Casa Milà (Catalan pronunciation: [ˈkəzə miˈɫa], Spanish pronunciation: [ˈkasa miˈla]), better known as La Pedrera (pronounced: [ɫə pəˈðɾeɾə], meaning the 'The Quarry'), is a modernist building located at 92, Passeig de Gràcia (passeig is Catalan for promenade) in Barcelona, Catalonia, Spain , at the corner of Carrer de Provença, in the Eixample. It was the last civil work designed by catalan architect Antoni Gaudi and it was built between the years 1906 and 1910. In 1912, Gaudí and the Milà i Segimon marriage signed the contract of completion of the work of the Casa Milà.

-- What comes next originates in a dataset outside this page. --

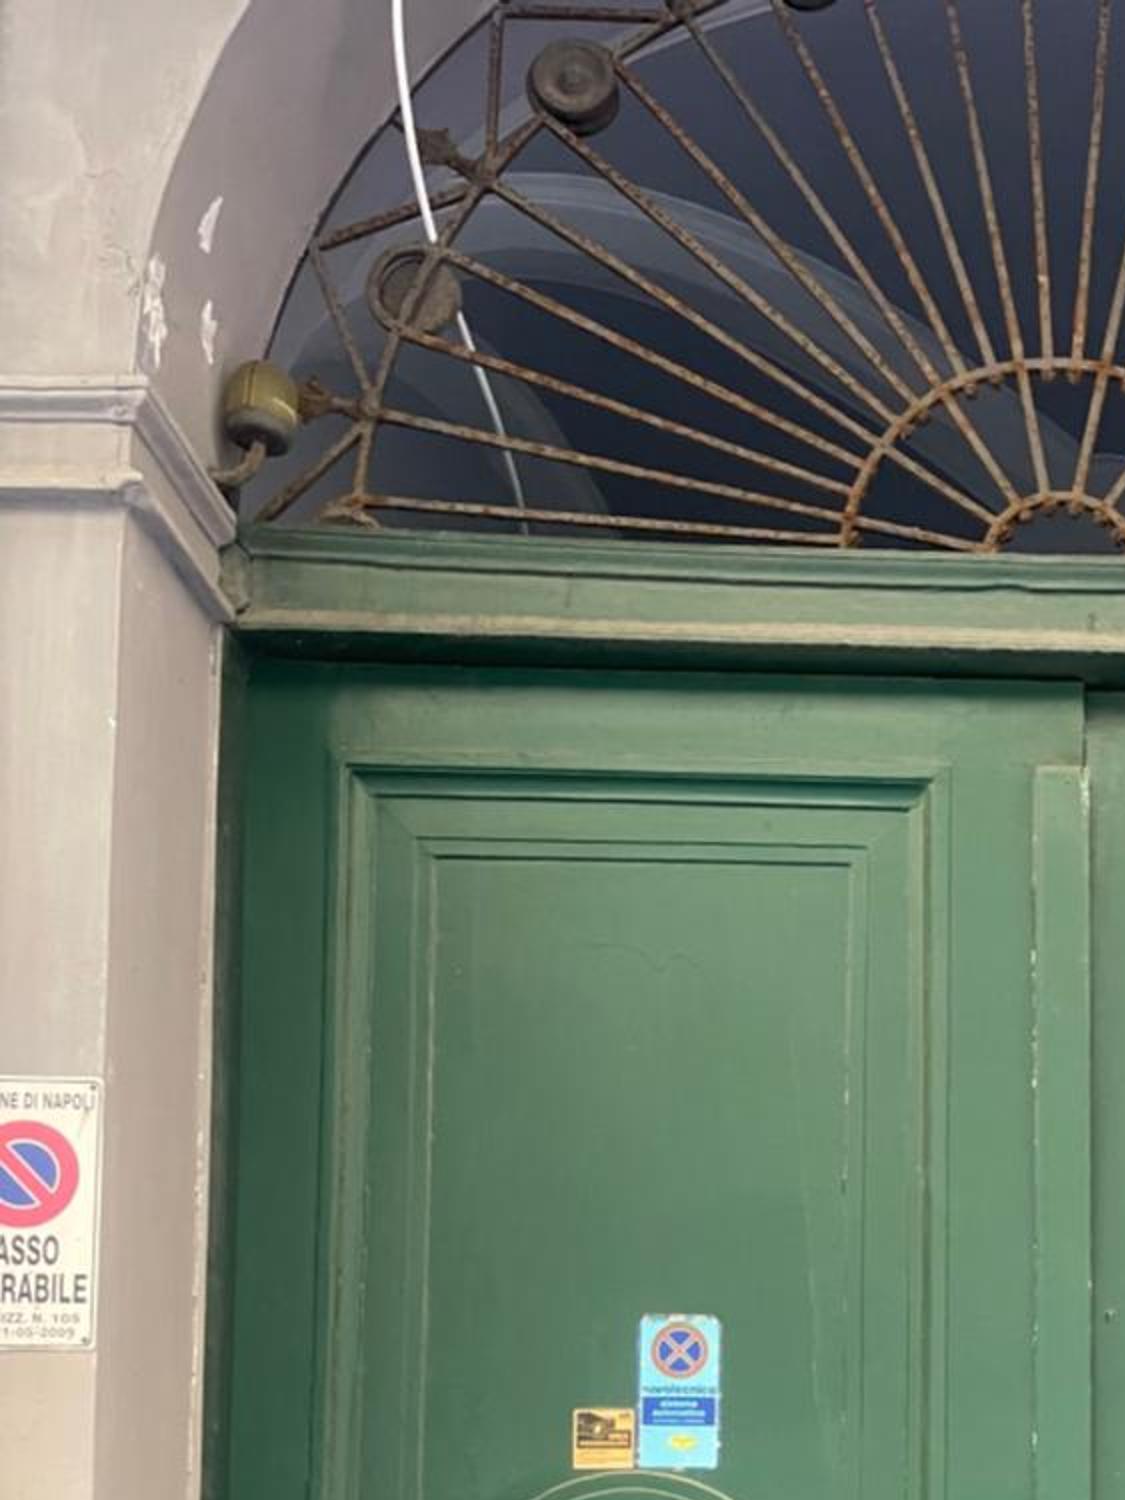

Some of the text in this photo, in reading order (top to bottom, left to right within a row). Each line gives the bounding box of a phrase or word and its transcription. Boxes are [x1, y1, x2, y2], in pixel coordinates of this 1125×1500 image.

[24, 1091, 38, 1110] DI
[43, 1091, 95, 1112] NAPOLI
[1, 1272, 88, 1304] RABILE

It was commissioned by businessman Pere Milà i Camps and his wife Roser Segimon i Artells , from Reus and widow of the wealthy Indian Josep Guardiola i Grau. At the time it was very controversial because of the bold undulating stone facade and twisted wrought iron that decorate the balconies and windows, designed mostly by Josep Maria Jujol, who also designed some of the skies of plaster.

Architecturally it is considered an innovative work by having a structure of columns and floors free of load bearing walls. Similarly, the front – which is made of stone – is also self-supporting, ie, not loads of floors. Another innovative element was the construction of the underground garage.